A. The second great sin against this second commandment is *superstition*.

Q. 8. What is the *superstition* forbidden in the second commandment?
A. The *superstition* forbidden in the second commandment, is the worshipping of God in any other way, or by any other means, than what he hath appointed in his Word, and thus adding human inventions unto God's institutions; which is will-worship, and condemned by the apostle. "Why, as though living in the world, are ye subject to ordinances (touch not, taste not, handle not, which all are to perish with the using), after the commandments and doctrines of men? which things have indeed a show of wisdom in will-worship.""” Col. 2:20-23. 

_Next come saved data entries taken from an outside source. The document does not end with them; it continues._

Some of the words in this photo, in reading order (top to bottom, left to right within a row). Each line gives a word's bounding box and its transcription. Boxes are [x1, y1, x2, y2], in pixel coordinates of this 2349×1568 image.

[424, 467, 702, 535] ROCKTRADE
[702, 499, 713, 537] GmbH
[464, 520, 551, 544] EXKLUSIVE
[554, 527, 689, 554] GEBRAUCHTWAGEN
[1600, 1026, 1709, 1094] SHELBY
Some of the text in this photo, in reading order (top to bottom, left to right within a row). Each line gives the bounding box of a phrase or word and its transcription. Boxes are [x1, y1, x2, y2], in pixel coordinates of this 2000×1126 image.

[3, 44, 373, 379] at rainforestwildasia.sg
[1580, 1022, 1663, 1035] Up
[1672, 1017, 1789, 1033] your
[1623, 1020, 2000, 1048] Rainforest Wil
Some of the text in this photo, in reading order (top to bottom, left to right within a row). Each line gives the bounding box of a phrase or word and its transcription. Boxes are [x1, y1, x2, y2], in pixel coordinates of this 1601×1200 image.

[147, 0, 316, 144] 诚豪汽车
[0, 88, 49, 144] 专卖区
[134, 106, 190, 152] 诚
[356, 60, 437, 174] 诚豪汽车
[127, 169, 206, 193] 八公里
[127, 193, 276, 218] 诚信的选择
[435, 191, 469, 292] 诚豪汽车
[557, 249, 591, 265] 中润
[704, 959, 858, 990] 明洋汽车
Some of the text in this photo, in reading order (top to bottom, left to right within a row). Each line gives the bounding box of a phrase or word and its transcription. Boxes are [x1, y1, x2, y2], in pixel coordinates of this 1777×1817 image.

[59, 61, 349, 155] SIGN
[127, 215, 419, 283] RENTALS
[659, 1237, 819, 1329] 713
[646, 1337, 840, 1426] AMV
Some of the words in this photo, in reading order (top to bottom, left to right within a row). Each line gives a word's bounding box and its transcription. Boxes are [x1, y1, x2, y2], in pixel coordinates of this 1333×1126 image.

Q. 12. What is the idolatry and *superstition* of the Church of Rome in the worship of God?
A. The idolatry and *superstition* of the Church of Rome in the worship of God, is their idolatrous kneeling at the sacrament, asserting that the bread is turned into the real body of Christ; their idolatrous worshipping of Christ by the crucifix; their idolatrous pictures and images of God, which they bow before; their idolatrous bowing at the altars and towards the east; their idolatrous praying to angels and saints, especially to the Virgin Mary; their offering up the unbloody sacrifice of the host; their superstitious fastings and abstaining from flesh in Lent; their *superstitious* holidays; their *superstitious* priests' surplice.; their adding cream, oil, and spittle to the wafer, and signing with the cross in baptism; their baptizing of bells; their praying upon beads; and many more *superstitious* customs, for which there is not the least command in the Scripture.

Click to expand...


[Edited on 2-2-2006 by VirginiaHuguenot]_


----------



## WrittenFromUtopia (Feb 1, 2006)

This kind of thing has been bothering me a lot lately. Thanks for the post and reminder.


----------



## Semper Fidelis (Feb 1, 2006)

Great post.

What is particularly insidious about the Roman Catholic Church is not that they tolerate it but they _encourage_ superstition. Such superstition leads to the blatant worship of images, statues, and especially the Virgin Mary.

My brother's wife is Mexican. They were horrified that he had his son's hair cut before his first birthday. They ascribed his subsequent illnesses to it. Whenever a chld sneezes, they have to find something red and touch him with it. It's comical because it's so absurd.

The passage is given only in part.